Il panico amplifica a dismisura il pericolo stesso. Succede che una folla presa dal panico per sfuggire a una minaccia, moltiplichi nella sua fuga scomposta la potenza malefica del pericolo dal quale vorrebbe fuggire.

Basta che in una piazza, come è accaduto, qualcuno gridi un qualche allarme che, scatenandosi il panico, finiscano per morire nella calca più persone per il panico che non per il pericolo in sé.

È il momento di un’enorme assunzione di responsabilità collettiva.

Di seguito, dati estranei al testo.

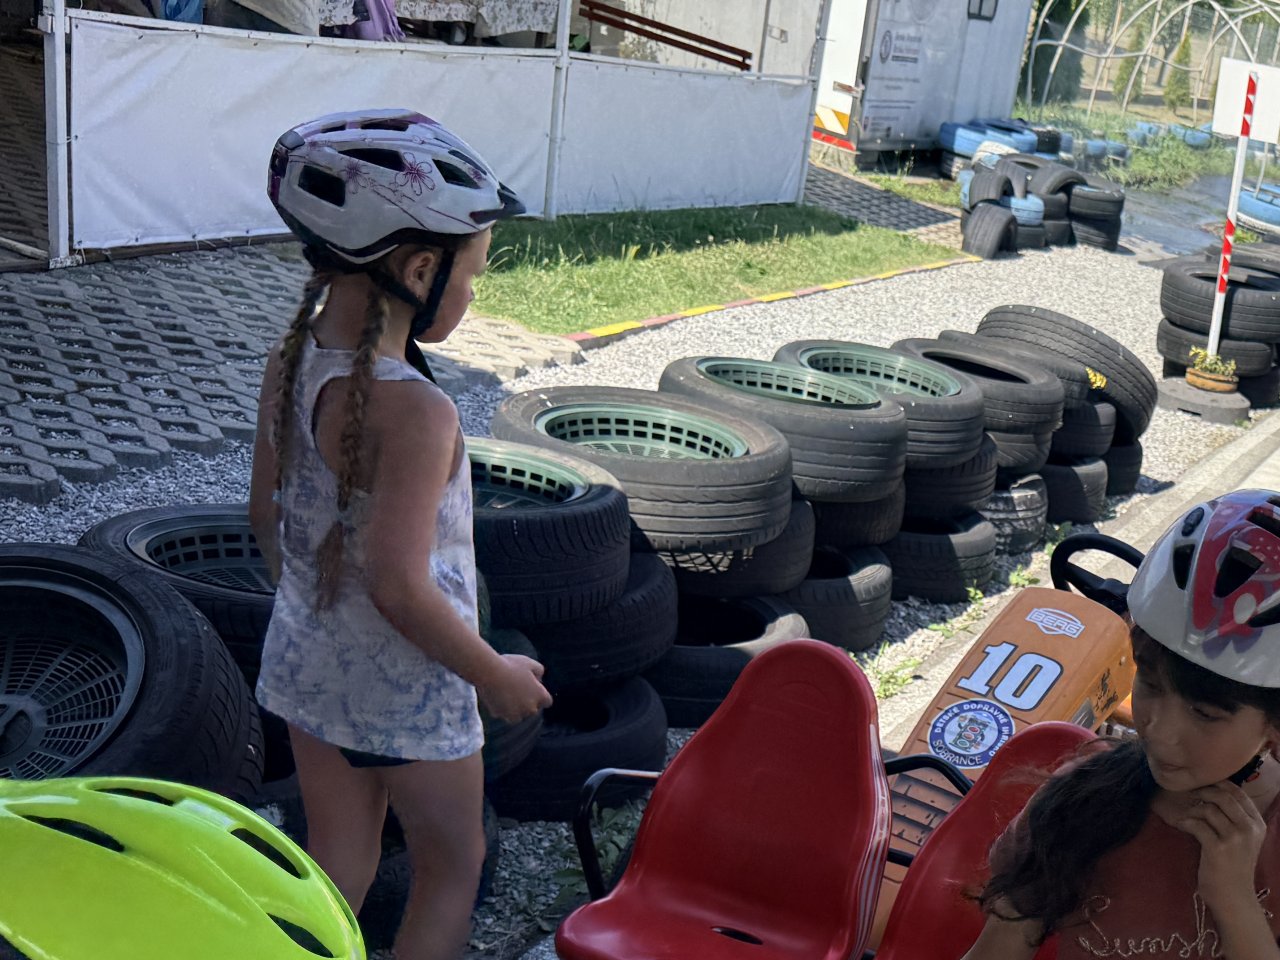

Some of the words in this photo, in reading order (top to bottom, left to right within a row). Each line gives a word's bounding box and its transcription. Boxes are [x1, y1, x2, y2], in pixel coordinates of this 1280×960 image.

[1030, 612, 1082, 637] BERG
[955, 641, 1064, 712] 10
[933, 739, 983, 766] SOBRANCE
[1078, 888, 1274, 958] Sunsh
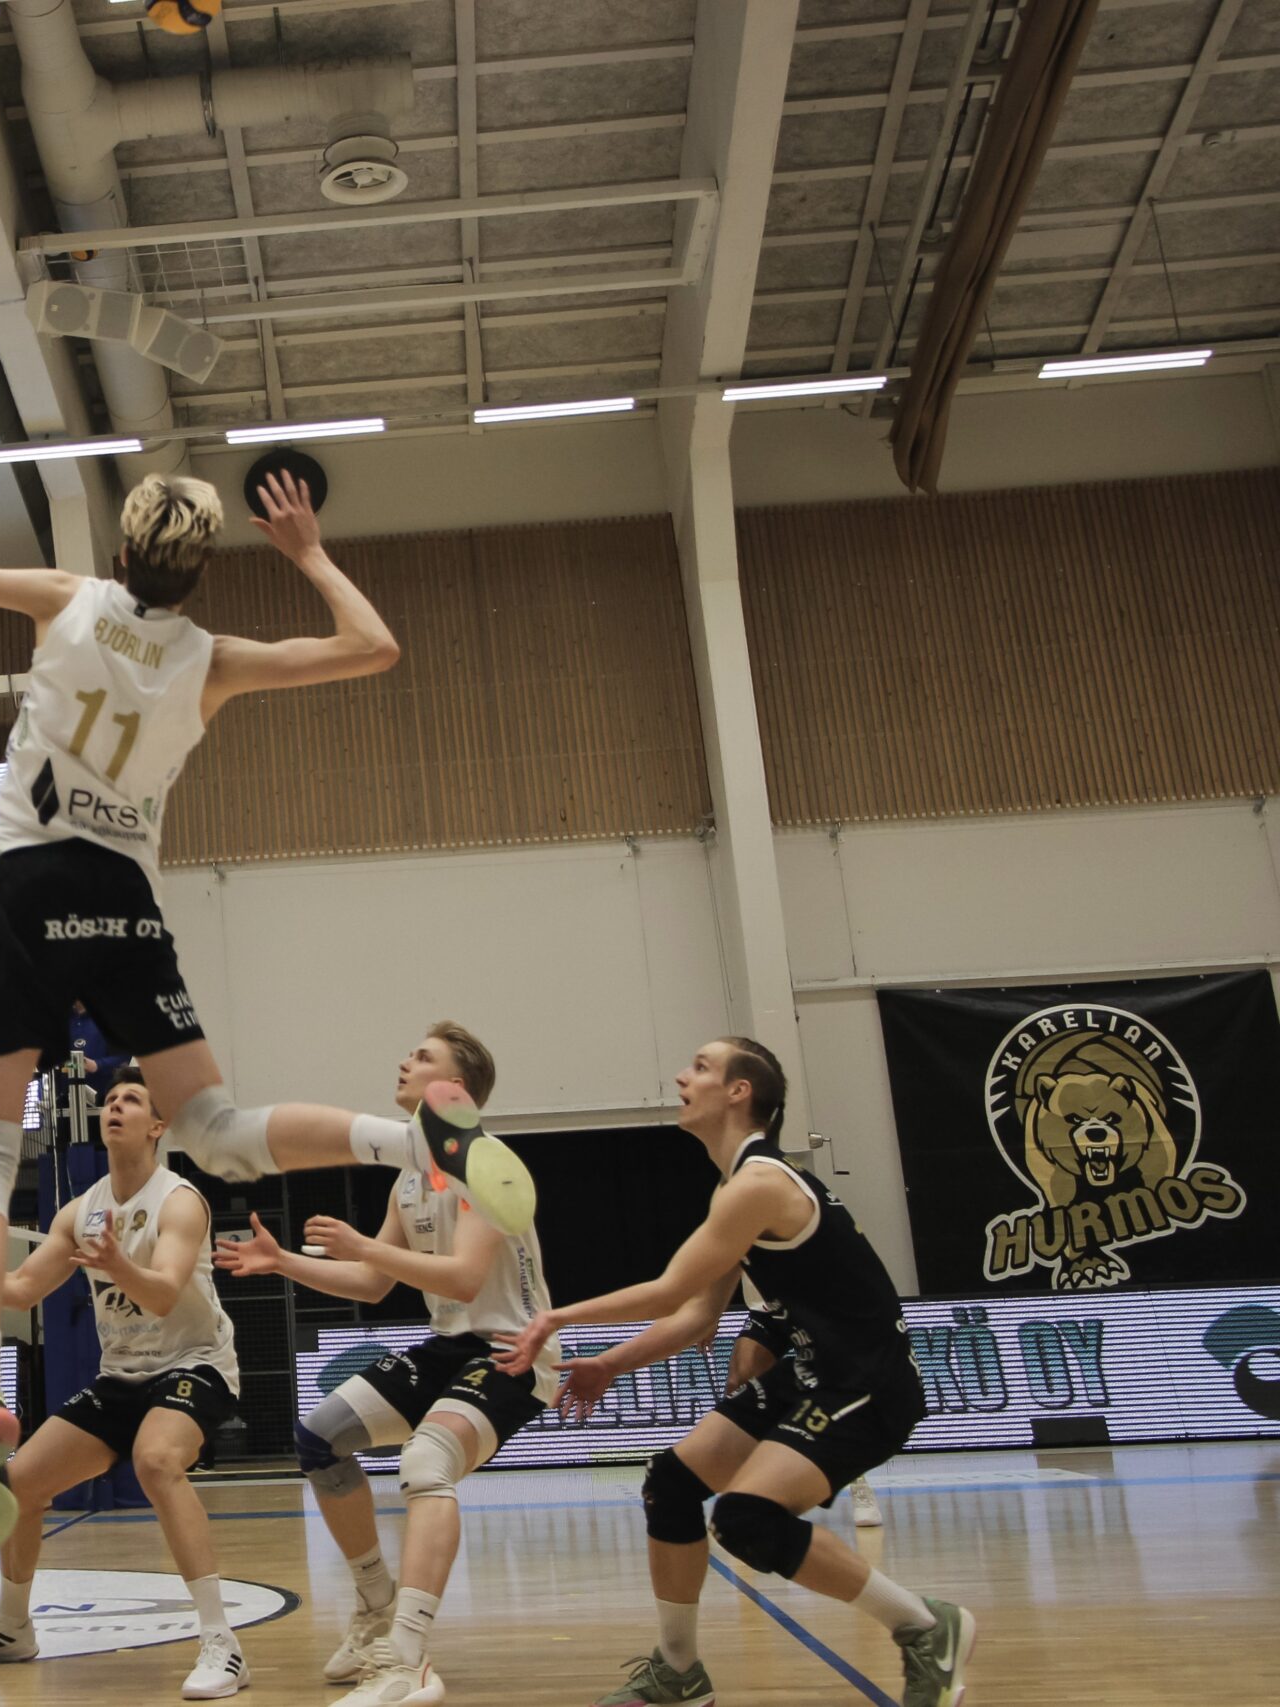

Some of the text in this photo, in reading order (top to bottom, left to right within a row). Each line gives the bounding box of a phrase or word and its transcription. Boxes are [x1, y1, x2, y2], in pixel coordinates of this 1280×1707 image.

[94, 617, 164, 670] BJÖRLIN
[69, 688, 141, 782] 11
[69, 788, 138, 828] PKS
[1001, 1010, 1163, 1071] KARELIAN
[990, 1168, 1237, 1273] HURMOS
[176, 1379, 193, 1398] 8
[463, 1368, 489, 1384] 4
[1017, 1319, 1111, 1409] OY
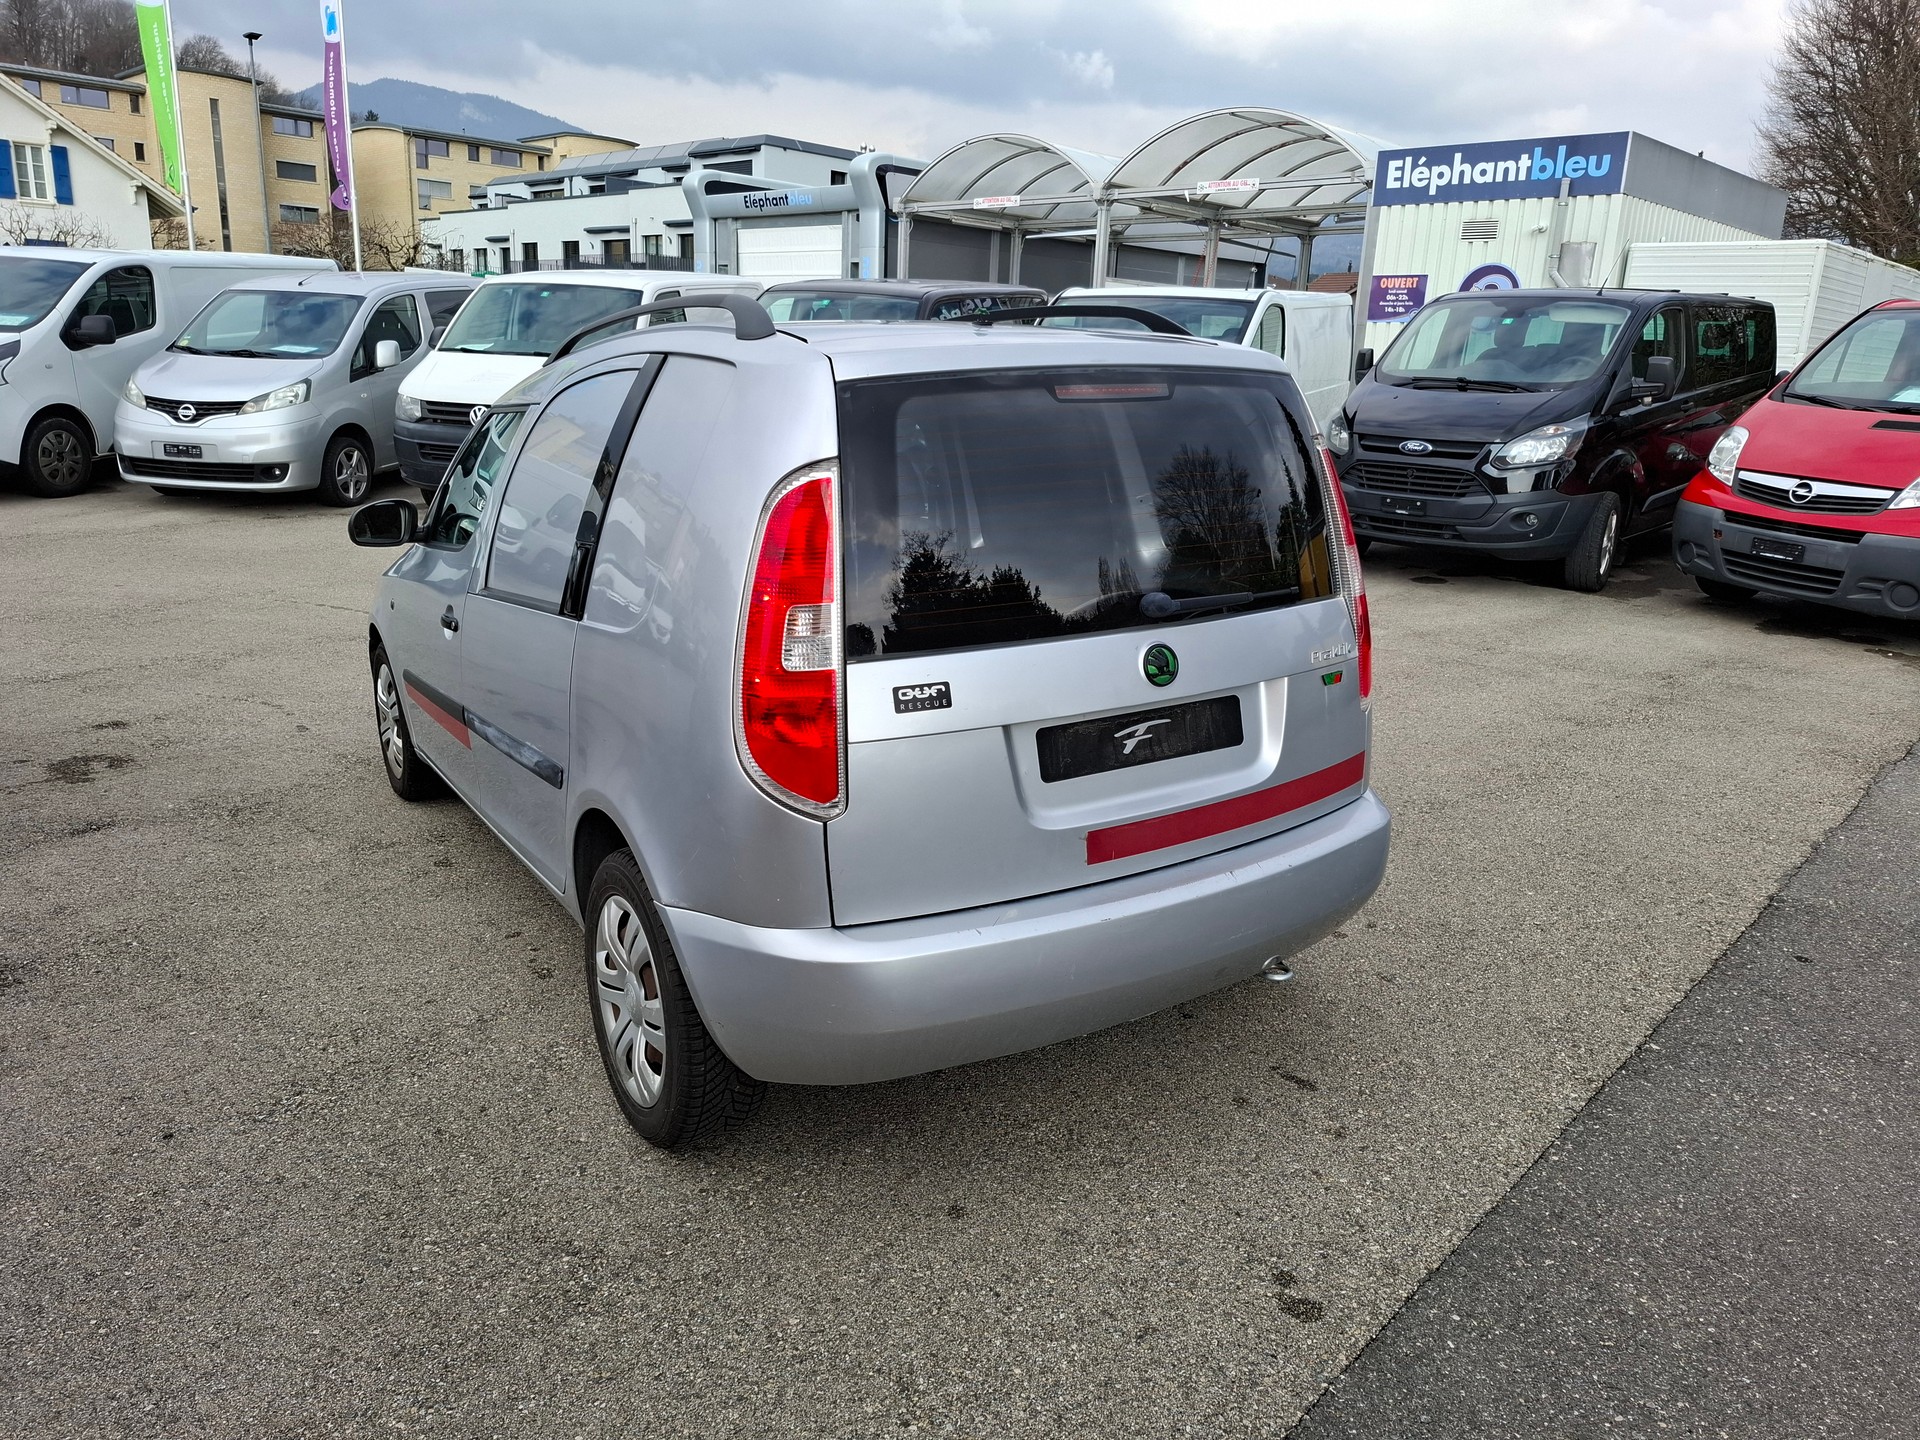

Ora abbiamo attraversato la pandemia dell’Aids, c’è stata poi tutta una sequela di mucche pazze, pesti suine, tsunami, attentati terroristici e Sars a guastare i nostri giorni di figli prediletti della storia umana e c’è sempre stato chi vi ha visto la punizione di un Dio castigamatti che, guarda caso, ricade sempre sugli altri.

Dobbiamo fare i conti con chi ci viene a dire che il Coronavirus viene dalla Cina perché è atea, che l’epidemia ci inonda perché siamo peccatori e Dio allora ci castiga: un bel modo per annunciare una religione della paura, dell’angoscia, non certamente il messaggio evangelico.

Non abbiamo proprio bisogno di un atteggiamento irrazionale e irragionevole ma di avere chiara la nostra vulnerabilità personale e adottare a maggior ragione atteggiamenti di fratellanza responsabile. Il che significa né negare la gravità della situazione, ma nemmeno precipitare nella fuga irrazionale del panico, quanto piuttosto seguire le regole sanitarie indicate dalla scienza.

p. Giuseppe Bettoni

Presidente Arché

Pubblichiamo la riflessione di p. Giuseppe Bettoni, tratta e riadattata dall’omelia di domenica 23 febbraio, giorno dell’ordinanza per contrastare la diffusione del COVID-19 (il Coronavirus) firmata dal presidente della Regione Lombardia Attilio Fontana e dal Ministro della Salute Roberto Speranza.